К концу года у некоторых уже были упакованы чемоданы для отъезда в Германию. Горбатые матрацы были свернуты и погружены на телеги, мебель разобрана, мешки из джута наполнены посудой и скарбом. Вечерами из домов выходили мужчины с сумками, полными одежды, аккуратно сложенной женами. Из всех оставшихся в доме продуктов женщины готовили последнее сытное блюдо перед отъездом. Витал запах мяса и картофеля, поленты, скворчащей на сале. В окна было видно, как семьи молча пережевывают ужин при свете керосиновой лампы. Мы, остающиеся, смотрели на них с порога или с края участка, и было понятно, что это мясо стоит у них поперек горла. Они говорили, что счастливы, что Гитлер сделает их богатыми, даст им фермы, землю и скот. Они утешали себя тем, что дуче скоро построит в Куроне дамбу и им все равно придется уезжать. Но по их сжатым губам, стиснутым кулакам было видно, что уезжать таким образом было тяжело. Тяжело девушкам и детям, но еще тяжелее пожилым, которым оставляли лучшее место на телеге и уговаривали попробовать поспать в дороге. Когда одна из телег трогалась в сторону станции Больцано или станции Инсбрук, где ждали поезда фюрера, в Куроне воцарялась мертвая тишина. Герхард, деревенский пьяница, каждый вечер обходил фермы – их было около сотни в Куроне – чтобы проверить, уехал ли кто-нибудь еще.
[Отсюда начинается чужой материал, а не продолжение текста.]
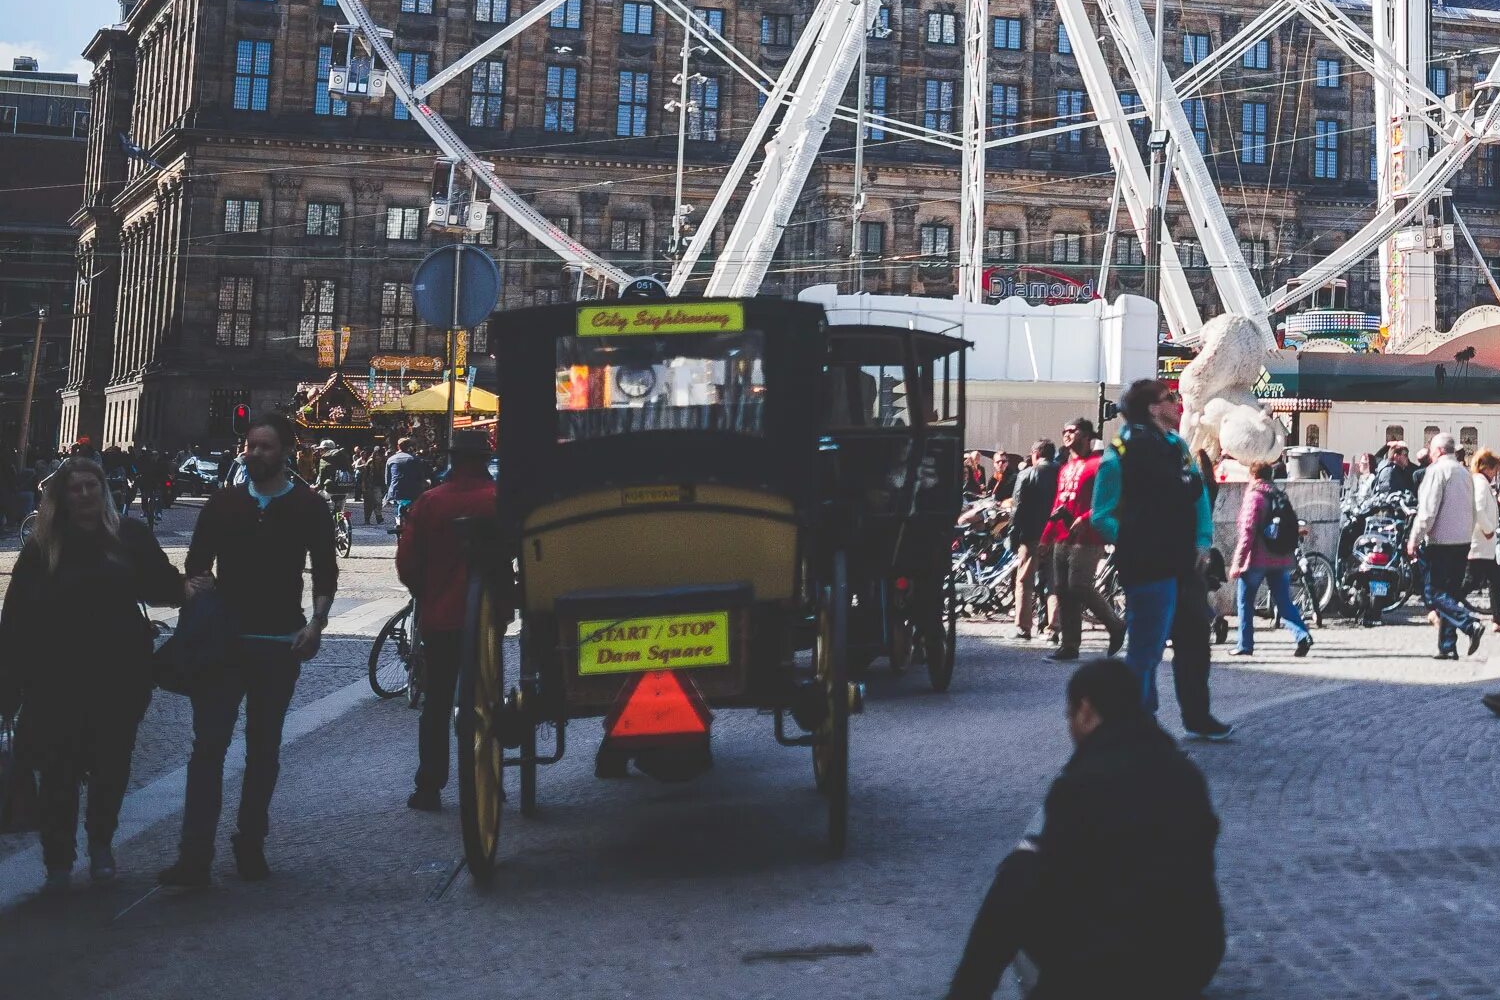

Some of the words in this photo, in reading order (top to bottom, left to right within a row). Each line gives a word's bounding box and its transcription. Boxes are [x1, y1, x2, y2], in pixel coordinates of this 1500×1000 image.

[989, 277, 1094, 299] Diamond
[591, 311, 628, 331] City
[592, 625, 649, 643] START
[667, 620, 717, 638] STOP
[596, 648, 641, 664] Dam
[647, 644, 714, 663] Square
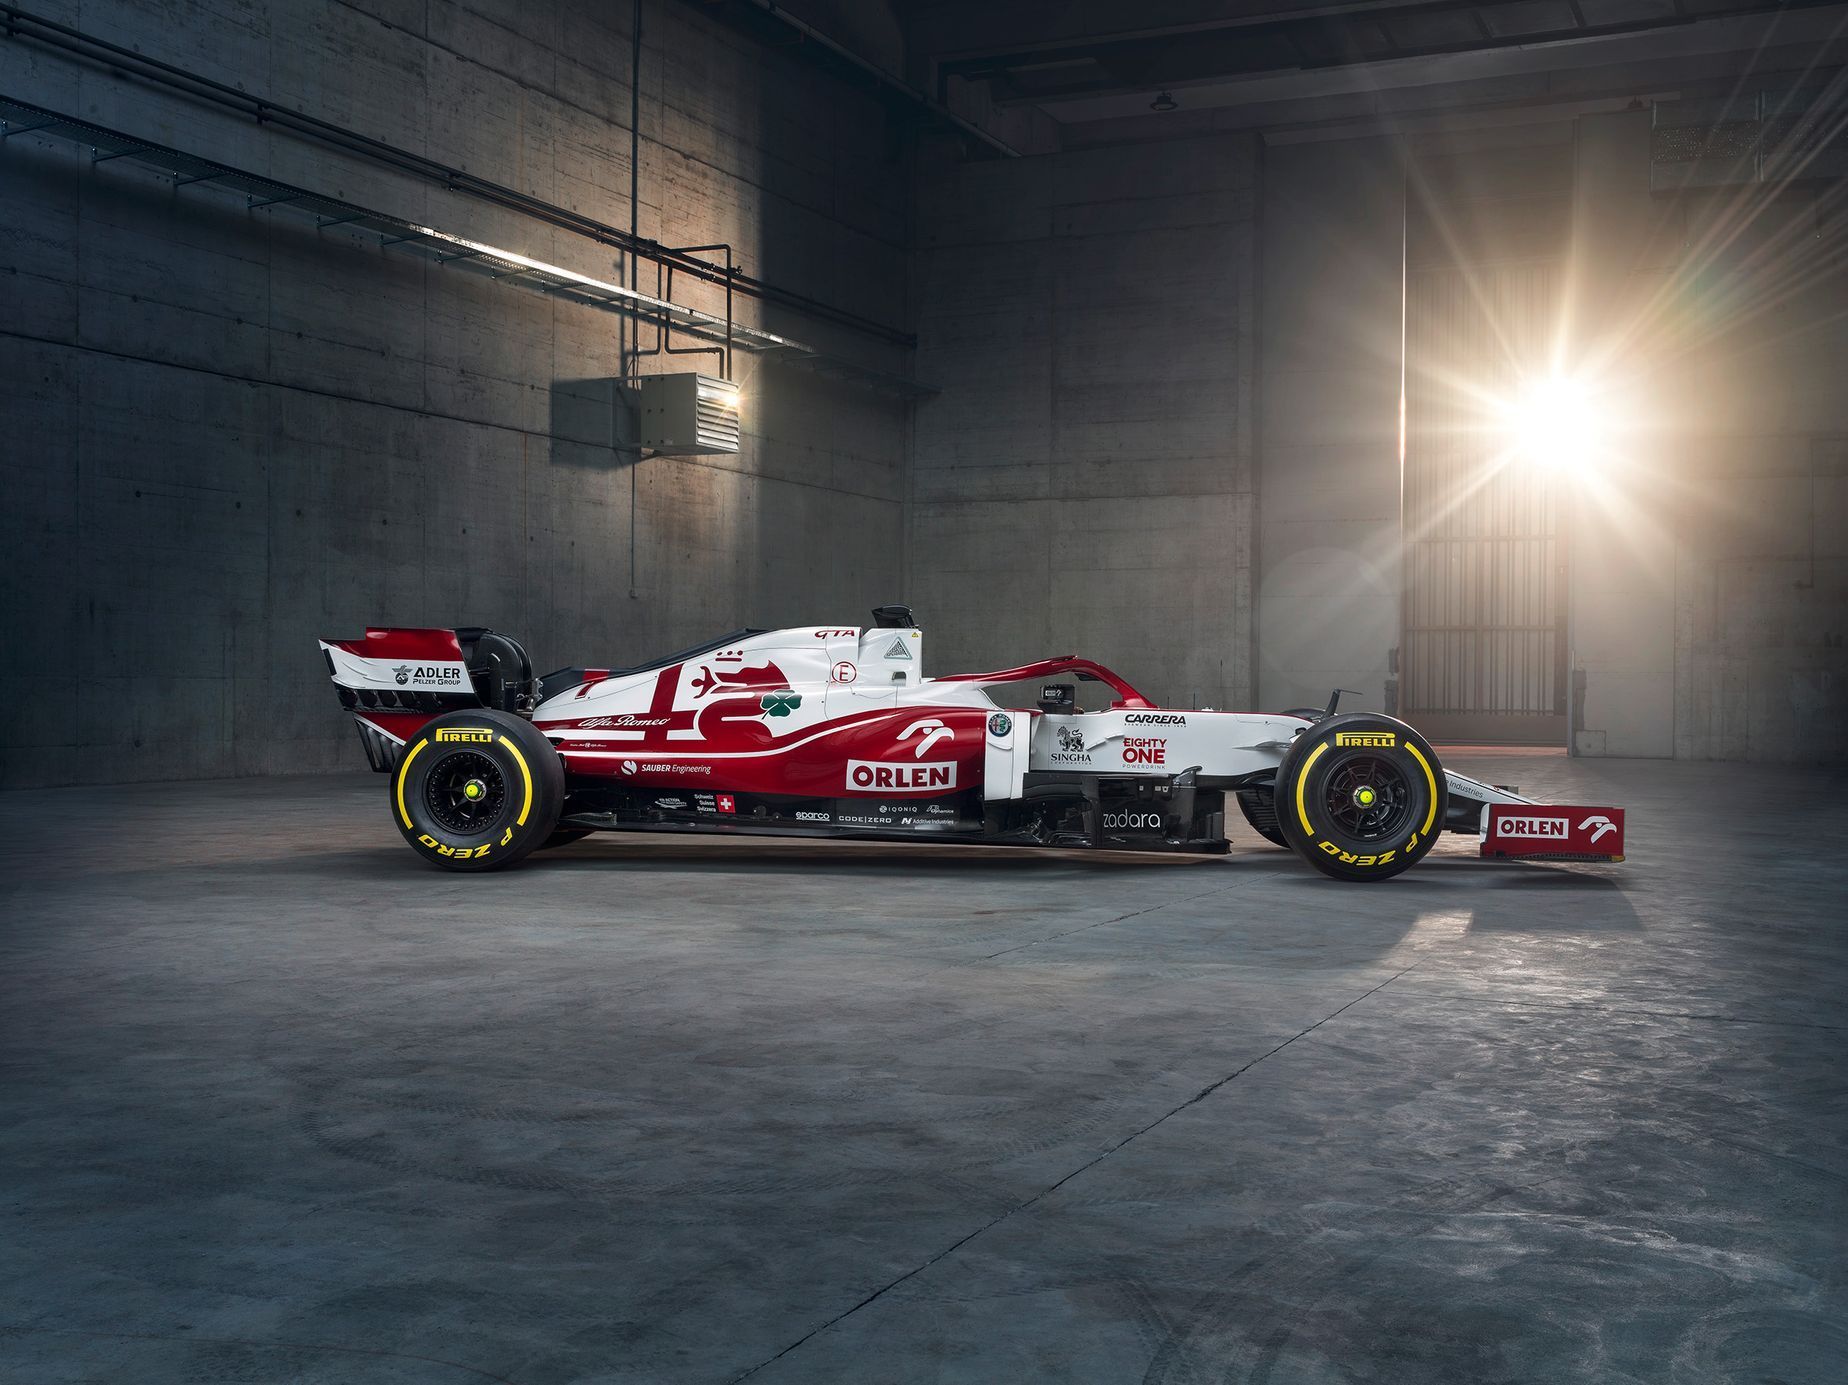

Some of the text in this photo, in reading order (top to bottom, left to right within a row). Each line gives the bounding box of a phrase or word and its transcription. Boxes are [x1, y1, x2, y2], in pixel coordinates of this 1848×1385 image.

Найдя пустой дом, он стучал в дверь до тех пор, пока не отбивал костяшки пальцев до крови или не засыпал прямо там, на месте. На следующее утро его будил Карл, тащил его, похмельного, на себе в трактир и поил кофе, чтобы привести в себя.
Однажды днем Майя сказала мне:
– Бери велосипед, поехали навестим сестру Барбары.
Когда Александра открыла дверь и увидела меня и Майю, ее глаза округлились. Она пригласила нас внутрь, отрезала каждой по ломтю хлеба и по-семейному протянула его нам без тарелки или салфетки. Мы ели хлеб в гробовой тишине и слушали, как трескаются семена тмина во рту. Поздоровались с ее матерью, но она не ответила. Я погладила собаку, которая скулила у стола.
– Ты уезжаешь? – спросила Майя.
– Да, но еще не знаю куда.
– Есть ли у тебя новости о Барбаре? – спросила я, опустив глаза.
– Она попросила помилования у дуче, и ее скоро освободят. Она поедет прямиком в Германию, не заезжая сюда.
– У тебя есть бумага и ручка? – внезапно спросила я.
– Зачем? – резко ответила она.
– Хочу написать ей записку.
Александра посмотрела на меня с подозрением, потом стала рыскать в ящике и достала маленький блокнот, из которого аккуратно вырвала листок. Я писала стоя, опершись локтями на стол. Я чувствовала, что они смотрят на меня в упор, но мне было все равно.
– Передай ей, когда увидишь, – сказала я, складывая листок вчетверо.
Она знаком попросила оставить записку на столе.
– Передай, – повторила я, кладя ей ее в руку. – Это очень важно.
Мы продолжали смотреть друг на друга. Никто не произносил ни слова. Вскоре тишина стала невыносимой, мы запихнули в рот остатки хлеба и ушли.
Когда я рассказала об этом папе, он сказал мне:
– Дочка, нам действительно лучше остаться. Ничего, что у нас сейчас мало еды, все наладится, вот увидишь. Дома, в которых мы живем, наши, и мы не должны их покидать ни при каких обстоятельствах.
– Ты уверен, пап? Они подожгли амбар кого-то из остающихся, они избили Михаэля и ждут не дождутся, когда я вновь отпущу Марику в школу, чтобы сделать то же самое с ней. Многие больше не разговаривают с Эрихом.
– Я знаю, Трина, но это временно, так будет не всегда. Фашизм пройдет, эти люди уедут, и все вернется на круги своя.
Разговоры с папой всегда меня успокаивали. Я хотела, чтобы Эрих тоже с ним поговорил, вместо того чтобы все время сидеть дома как изгнанник. В тот день я вернулась домой и обнаружила его, как обычно, нарезающим круги по комнате, нервно стучащим пятками при каждом шаге.
– В окрестностях опять появились инженеры и рабочие, – сказал он, даже не поздоровавшись. – Всю ночь прибывали люди и грузовики. Они измерили Курон вдоль и поперек, взяли образцы почвы, обозначали периметр дамбы. Скоро начнут строительство. Не знаю, заметил ли это хоть кто-то еще в городе или всем уже все равно, потому что они уезжают.